__EXERCISE AIM__: Transcribe exactly, and only, the lines from the one containing "Some of the words" through the last line of the data.

START INPUT MATERIAL

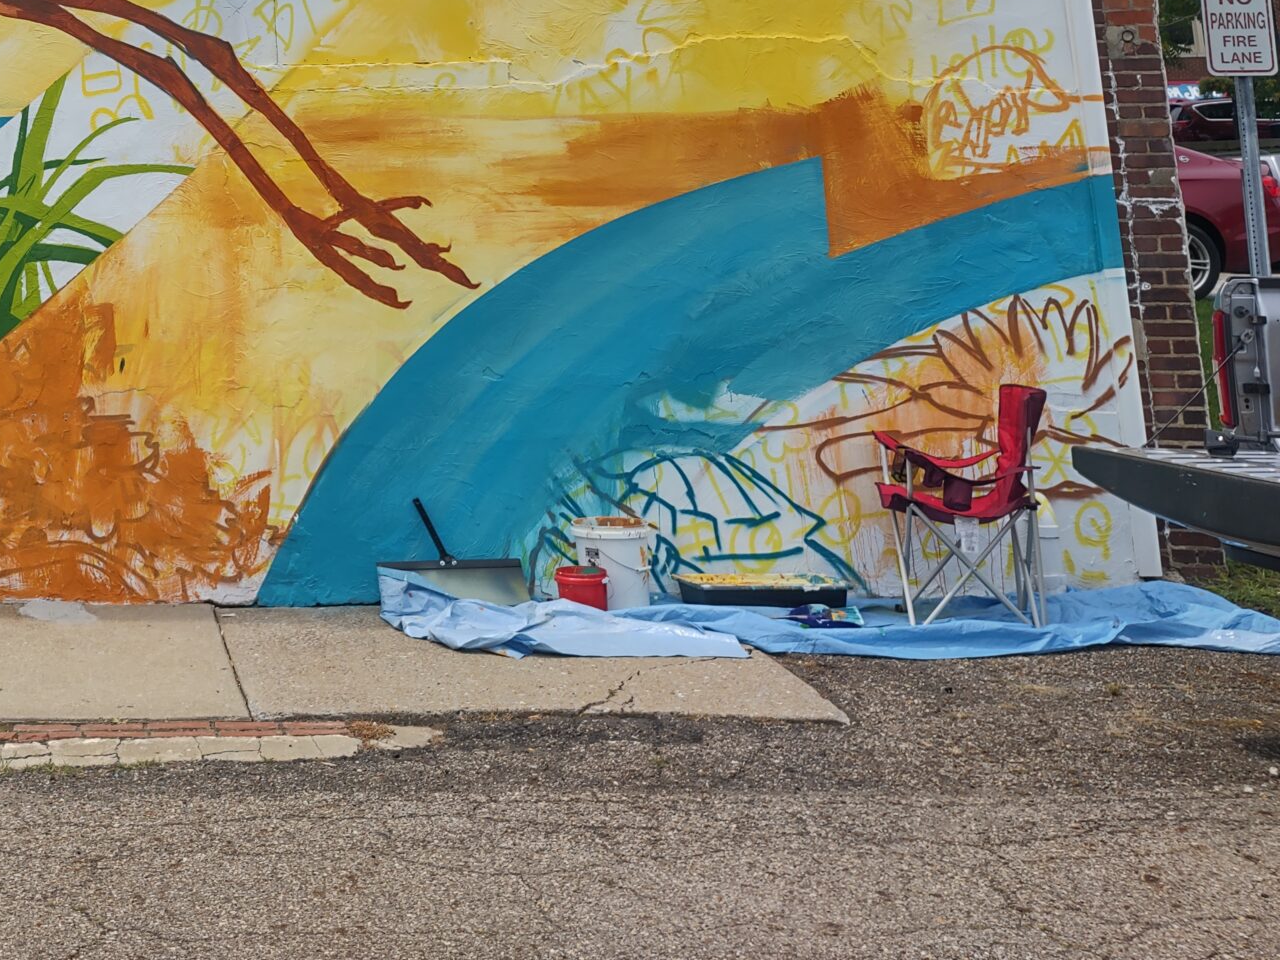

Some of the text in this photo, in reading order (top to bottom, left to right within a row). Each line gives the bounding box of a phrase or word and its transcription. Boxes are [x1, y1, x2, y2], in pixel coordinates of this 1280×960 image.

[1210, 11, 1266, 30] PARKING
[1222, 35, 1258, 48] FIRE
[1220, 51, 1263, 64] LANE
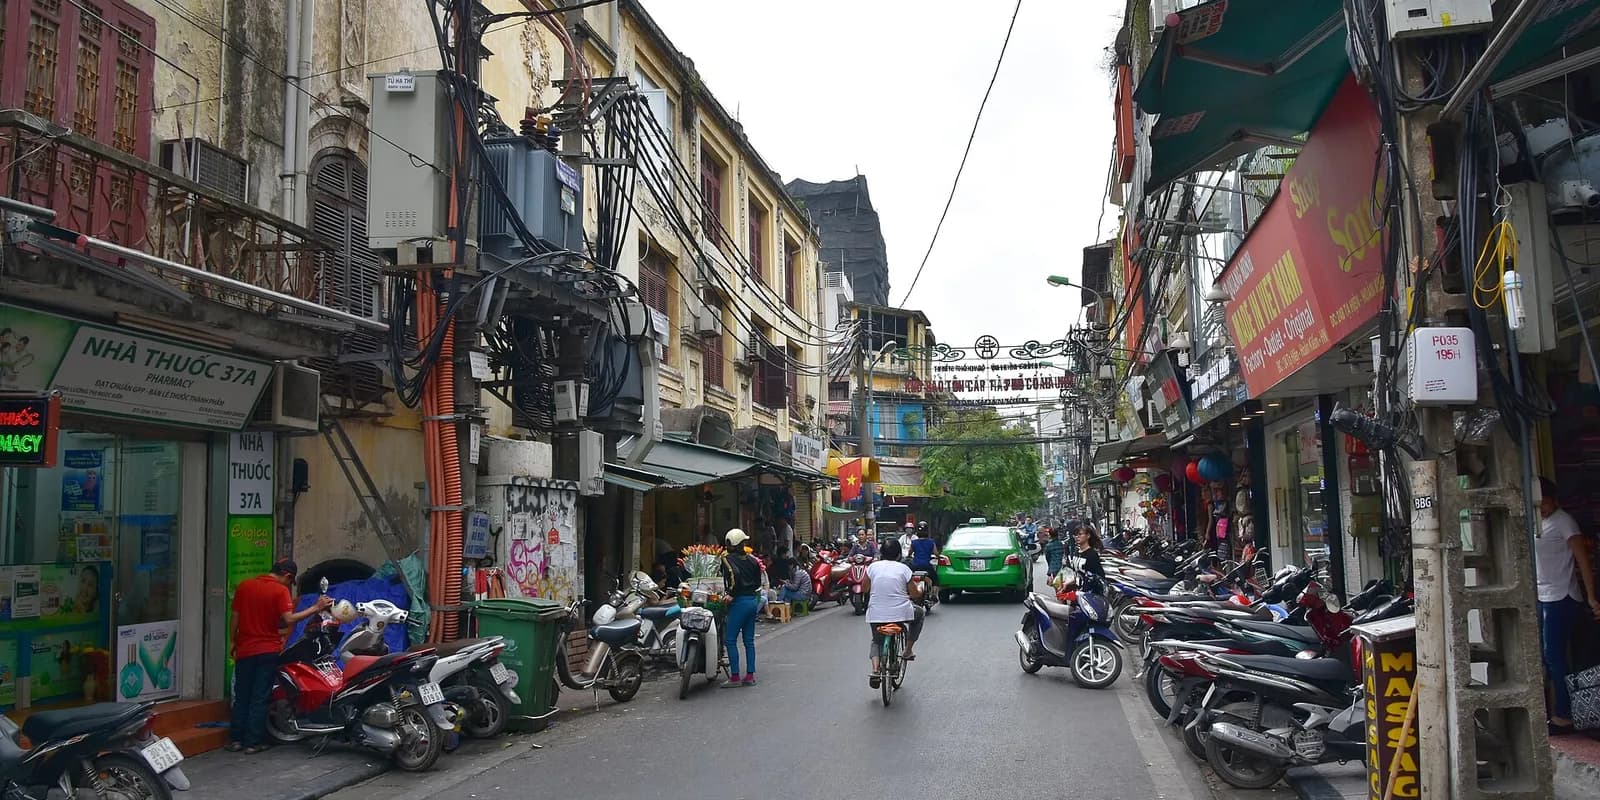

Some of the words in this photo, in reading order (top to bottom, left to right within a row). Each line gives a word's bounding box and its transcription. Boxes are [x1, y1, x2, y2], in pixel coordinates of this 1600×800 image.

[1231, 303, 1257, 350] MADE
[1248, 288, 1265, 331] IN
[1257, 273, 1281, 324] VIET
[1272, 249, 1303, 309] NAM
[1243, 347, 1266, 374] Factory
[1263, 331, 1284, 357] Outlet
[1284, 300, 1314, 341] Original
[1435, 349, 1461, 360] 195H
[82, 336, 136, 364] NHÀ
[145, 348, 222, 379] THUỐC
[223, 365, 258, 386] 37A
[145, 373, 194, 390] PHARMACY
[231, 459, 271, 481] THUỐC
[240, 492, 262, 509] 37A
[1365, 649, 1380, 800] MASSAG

END INPUT MATERIAL

__TASK ANSWER__:
Some of the words in this photo, in reading order (top to bottom, left to right within a row). Each line gives a word's bounding box and its transcription. Boxes are [x1, y1, x2, y2], in pixel coordinates of this 1600×800 image.

[1231, 303, 1257, 350] MADE
[1248, 288, 1265, 331] IN
[1257, 273, 1281, 324] VIET
[1272, 249, 1303, 309] NAM
[1243, 347, 1266, 374] Factory
[1263, 331, 1284, 357] Outlet
[1284, 300, 1314, 341] Original
[1435, 349, 1461, 360] 195H
[82, 336, 136, 364] NHÀ
[145, 348, 222, 379] THUỐC
[223, 365, 258, 386] 37A
[145, 373, 194, 390] PHARMACY
[231, 459, 271, 481] THUỐC
[240, 492, 262, 509] 37A
[1365, 649, 1380, 800] MASSAG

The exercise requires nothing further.